### About this task
Return the data below exactly, minus the pictures.

### Stored data
________________
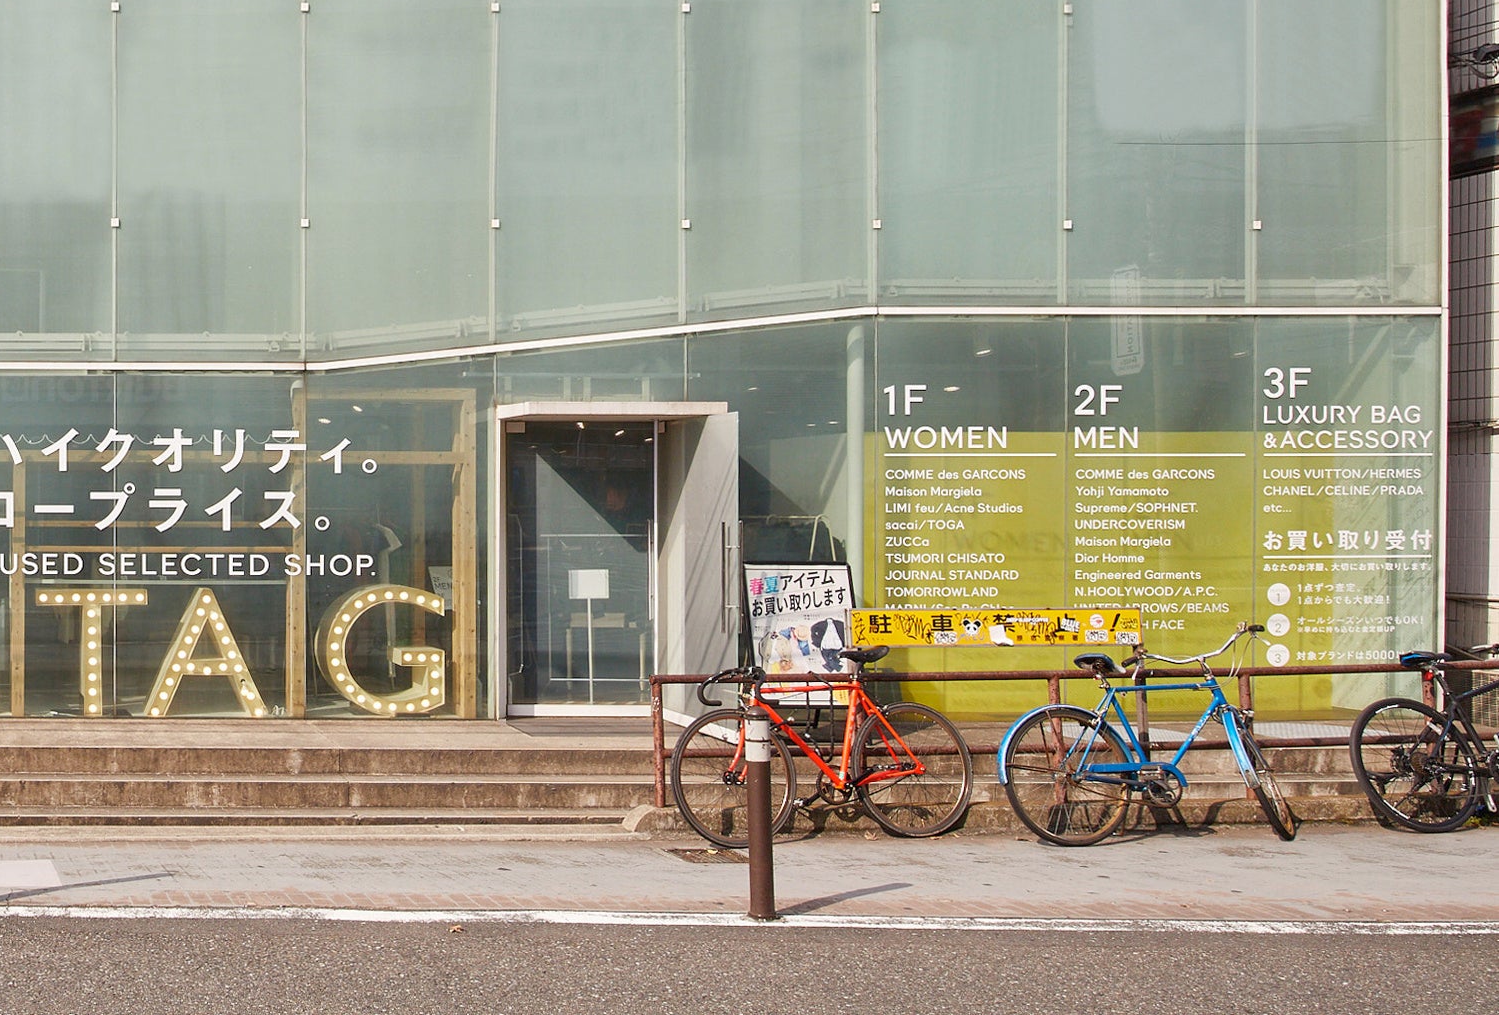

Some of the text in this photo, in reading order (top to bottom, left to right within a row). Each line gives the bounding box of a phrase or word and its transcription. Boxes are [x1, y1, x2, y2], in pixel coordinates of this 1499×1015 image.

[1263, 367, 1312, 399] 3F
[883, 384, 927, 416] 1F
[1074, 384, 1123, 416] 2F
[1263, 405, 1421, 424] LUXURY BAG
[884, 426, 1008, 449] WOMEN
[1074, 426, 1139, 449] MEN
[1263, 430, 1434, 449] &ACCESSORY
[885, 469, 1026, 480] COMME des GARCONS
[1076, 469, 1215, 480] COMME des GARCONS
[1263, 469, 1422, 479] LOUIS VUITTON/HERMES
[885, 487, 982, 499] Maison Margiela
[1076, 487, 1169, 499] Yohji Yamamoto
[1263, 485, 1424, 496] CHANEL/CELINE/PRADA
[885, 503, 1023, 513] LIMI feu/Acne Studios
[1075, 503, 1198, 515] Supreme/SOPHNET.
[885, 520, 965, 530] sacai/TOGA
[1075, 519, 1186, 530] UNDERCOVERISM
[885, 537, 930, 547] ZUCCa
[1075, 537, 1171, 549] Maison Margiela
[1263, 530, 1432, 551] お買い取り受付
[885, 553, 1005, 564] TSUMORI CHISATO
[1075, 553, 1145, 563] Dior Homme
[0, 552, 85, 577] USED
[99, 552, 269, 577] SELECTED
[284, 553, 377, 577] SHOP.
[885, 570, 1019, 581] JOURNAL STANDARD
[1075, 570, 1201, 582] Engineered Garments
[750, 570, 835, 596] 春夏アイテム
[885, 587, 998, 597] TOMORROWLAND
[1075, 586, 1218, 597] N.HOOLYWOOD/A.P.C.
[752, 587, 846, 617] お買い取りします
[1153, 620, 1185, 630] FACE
________________
### Response area
Some of the text in this photo, in reading order (top to bottom, left to right within a row). Each line gives the bounding box of a phrase or word and its transcription. Boxes are [x1, y1, x2, y2], in pixel coordinates of this 1499×1015 image.

[1263, 367, 1312, 399] 3F
[883, 384, 927, 416] 1F
[1074, 384, 1123, 416] 2F
[1263, 405, 1421, 424] LUXURY BAG
[884, 426, 1008, 449] WOMEN
[1074, 426, 1139, 449] MEN
[1263, 430, 1434, 449] &ACCESSORY
[885, 469, 1026, 480] COMME des GARCONS
[1076, 469, 1215, 480] COMME des GARCONS
[1263, 469, 1422, 479] LOUIS VUITTON/HERMES
[885, 487, 982, 499] Maison Margiela
[1076, 487, 1169, 499] Yohji Yamamoto
[1263, 485, 1424, 496] CHANEL/CELINE/PRADA
[885, 503, 1023, 513] LIMI feu/Acne Studios
[1075, 503, 1198, 515] Supreme/SOPHNET.
[885, 520, 965, 530] sacai/TOGA
[1075, 519, 1186, 530] UNDERCOVERISM
[885, 537, 930, 547] ZUCCa
[1075, 537, 1171, 549] Maison Margiela
[1263, 530, 1432, 551] お買い取り受付
[885, 553, 1005, 564] TSUMORI CHISATO
[1075, 553, 1145, 563] Dior Homme
[0, 552, 85, 577] USED
[99, 552, 269, 577] SELECTED
[284, 553, 377, 577] SHOP.
[885, 570, 1019, 581] JOURNAL STANDARD
[1075, 570, 1201, 582] Engineered Garments
[750, 570, 835, 596] 春夏アイテム
[885, 587, 998, 597] TOMORROWLAND
[1075, 586, 1218, 597] N.HOOLYWOOD/A.P.C.
[752, 587, 846, 617] お買い取りします
[1153, 620, 1185, 630] FACE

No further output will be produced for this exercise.